▸ **WHAT TO PRODUCE**
Your answer must be an exact repetition of every record.

▸ **DATA FOR THIS TASK**
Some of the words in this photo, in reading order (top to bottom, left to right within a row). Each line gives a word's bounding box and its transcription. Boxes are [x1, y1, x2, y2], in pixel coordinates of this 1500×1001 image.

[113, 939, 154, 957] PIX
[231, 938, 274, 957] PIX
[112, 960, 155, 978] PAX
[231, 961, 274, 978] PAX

▸ **ANSWER FOR THIS EXERCISE**
Some of the words in this photo, in reading order (top to bottom, left to right within a row). Each line gives a word's bounding box and its transcription. Boxes are [x1, y1, x2, y2], in pixel coordinates of this 1500×1001 image.

[113, 939, 154, 957] PIX
[231, 938, 274, 957] PIX
[112, 960, 155, 978] PAX
[231, 961, 274, 978] PAX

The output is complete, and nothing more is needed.